Além
de ser a única cidade baiana a ter urnas biométricas, Pojuca, na Região
Metropolitana de Salvador (RMS), teve o maior número de votos inválidos
do estado nas eleições deste domingo (7). Os votos
destinados ao postulante Dr. Toinho (PDT) não foram computados, pois sua
candidatura foi indeferida a pedido da Procuradoria Regional Eleitoral
na Bahia (PRE-BA), com base na Lei da Ficha Limpa, por abuso de poder
econômico e captação ilícita de sufrágio. Ao todo,
16.085 eleitores não votaram em nenhum dos prefeituráveis aptos para o
pleito, o que totaliza 72,92% dos sufrágios no município. Dos 23,97%
votos válidos restantes, 4.880 foram para Gerusa Laudano (PSD) e 408 para Carvalho (PSOL).

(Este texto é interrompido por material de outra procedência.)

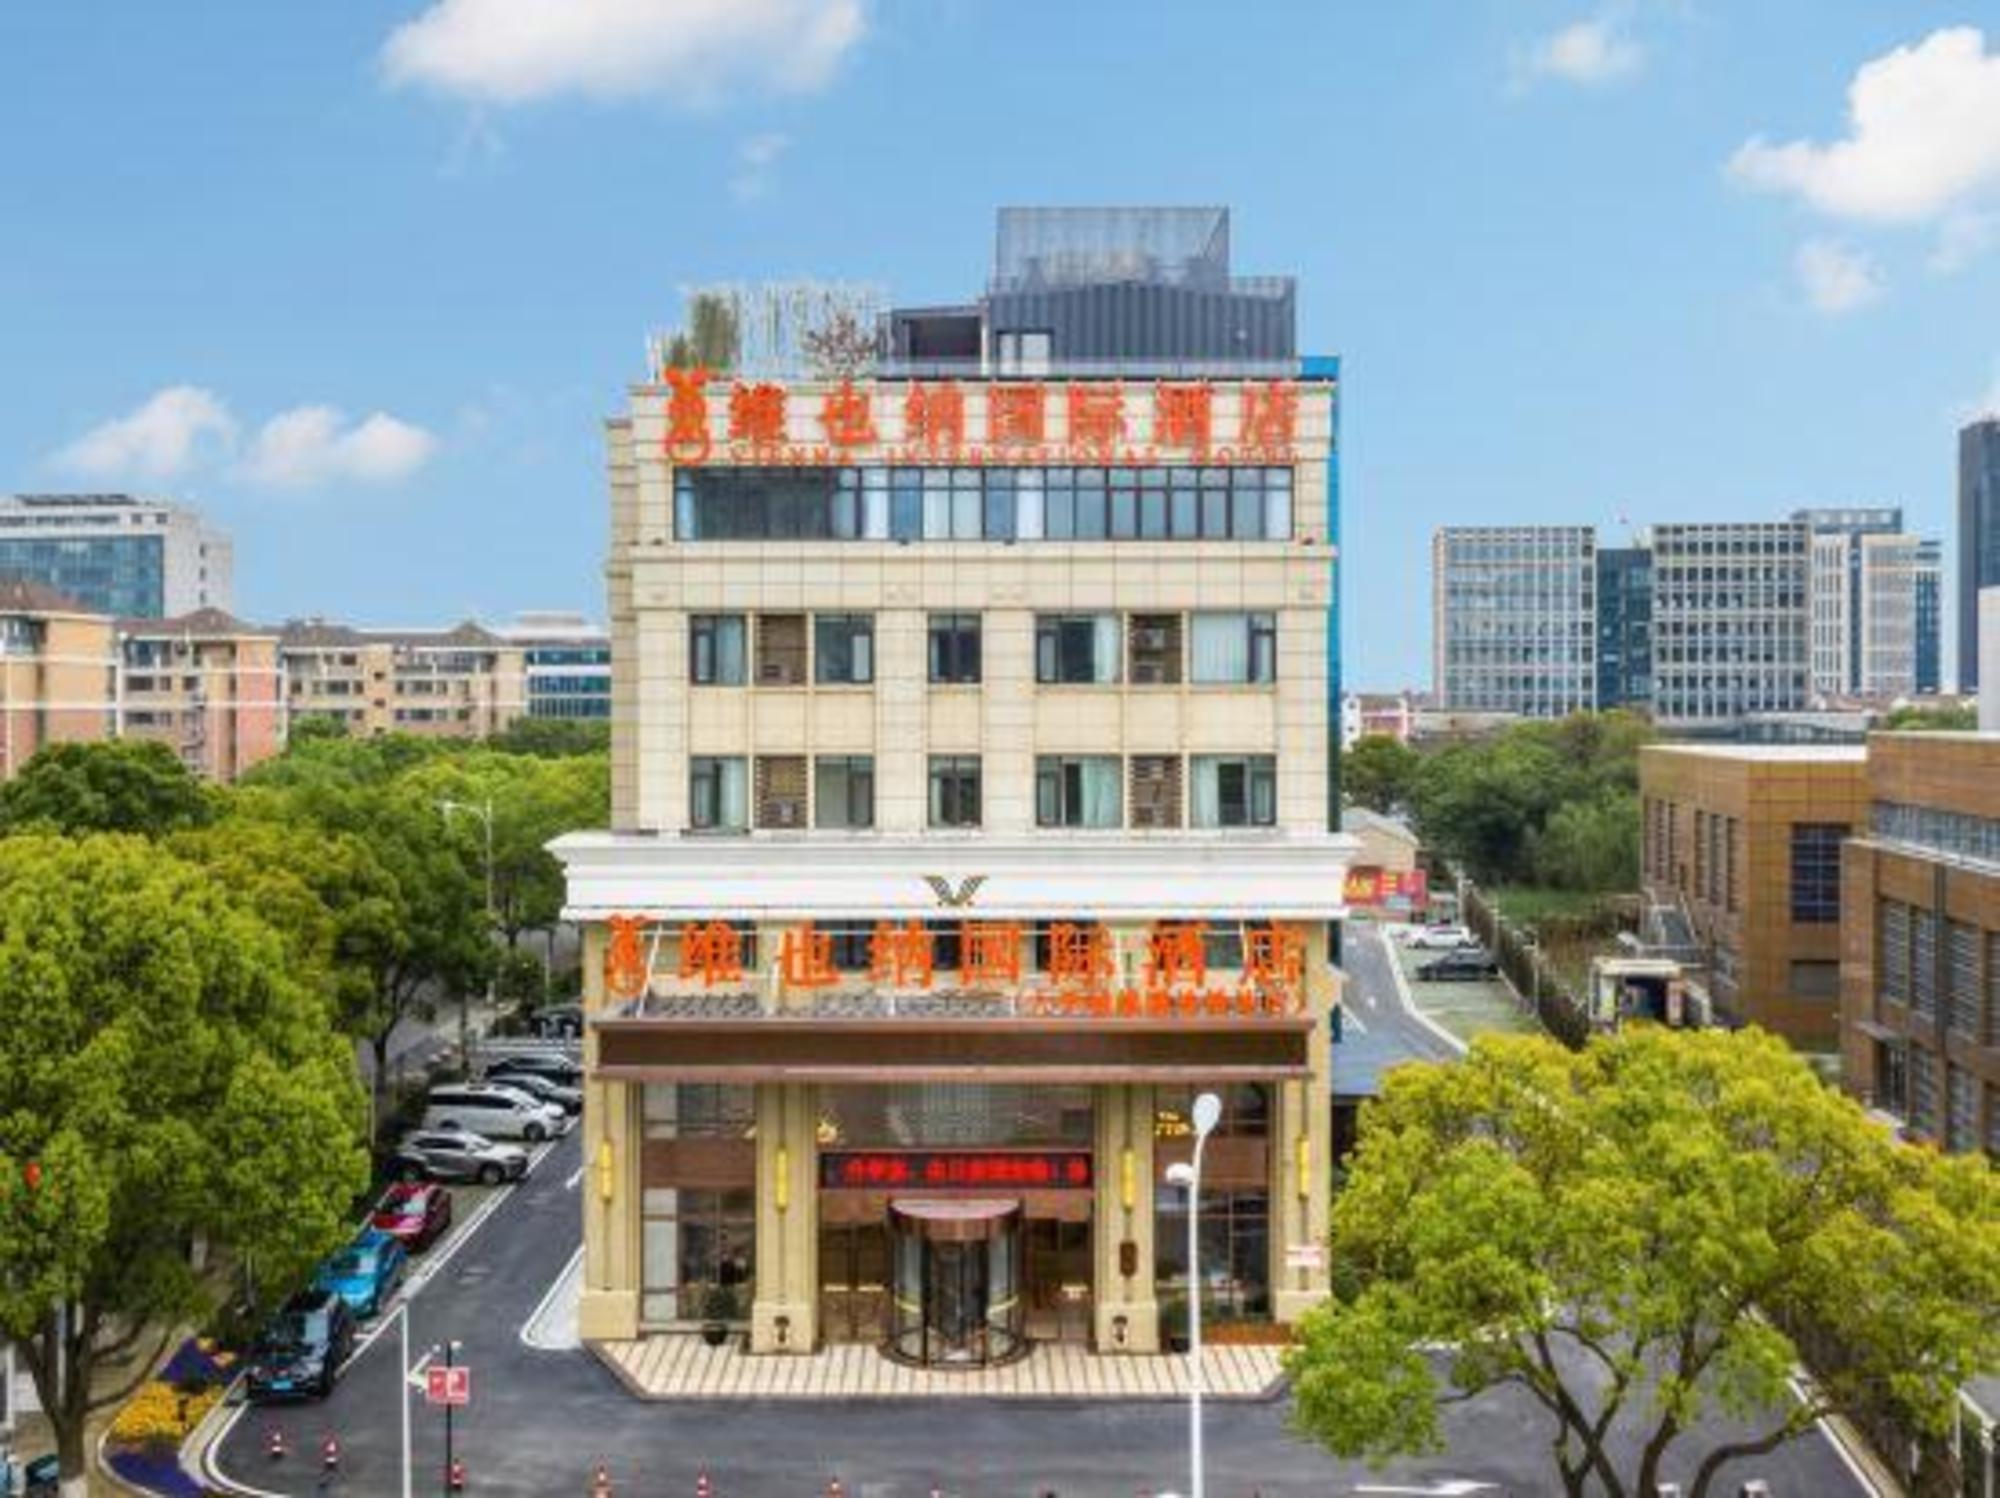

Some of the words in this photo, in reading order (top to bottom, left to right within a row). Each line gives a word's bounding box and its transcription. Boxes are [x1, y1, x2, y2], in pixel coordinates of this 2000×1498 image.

[680, 919, 1300, 988] 维也纳国际酒店
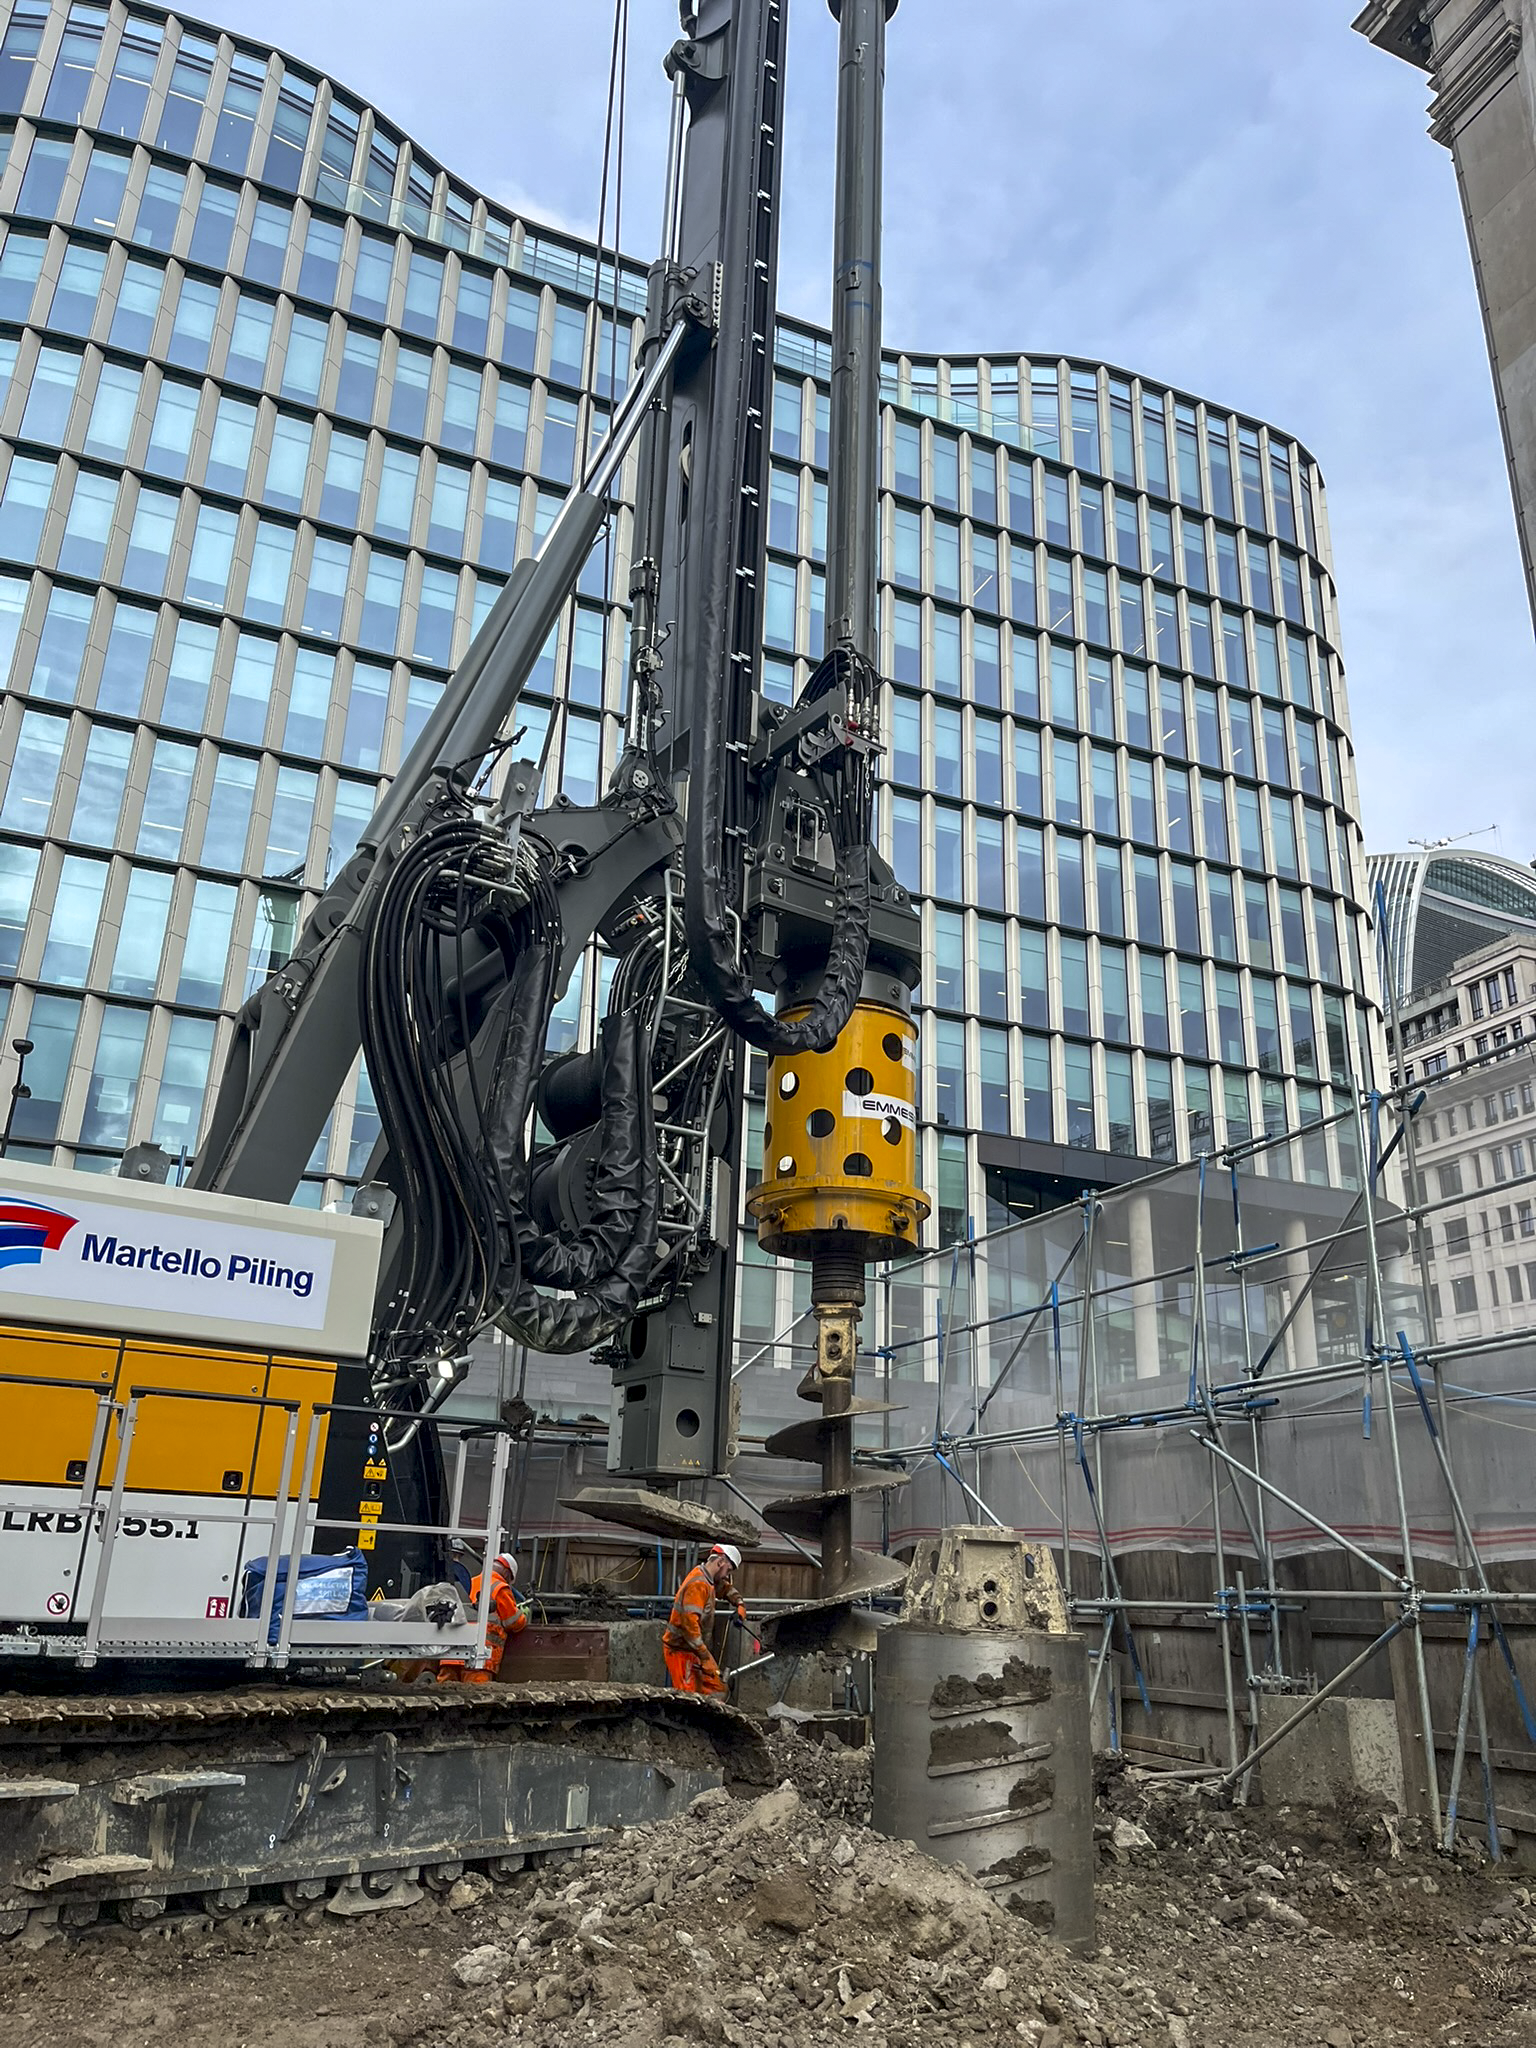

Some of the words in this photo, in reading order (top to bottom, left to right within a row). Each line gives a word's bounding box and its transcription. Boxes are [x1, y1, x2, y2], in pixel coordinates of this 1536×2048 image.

[862, 1100, 915, 1122] EMMES
[81, 1233, 221, 1279] Martello
[227, 1254, 314, 1297] Piling
[2, 1503, 83, 1533] LRB

O alto porcentual de votos nulos poderá anular a eleição para o
Executivo municipal, mas o caso também depende do julgamento de recurso
da impugnação. Assim, caso o Tribunal Superior Eleitoral (TSE) reverta
decisão que barrou a candidatura, os votos do pedetista podem ser
validados. A mesma situação se repete em Camamu, que teve 60,22% dos votos inválidos, e em Muquém do São Francisco, com 53,9% nulos.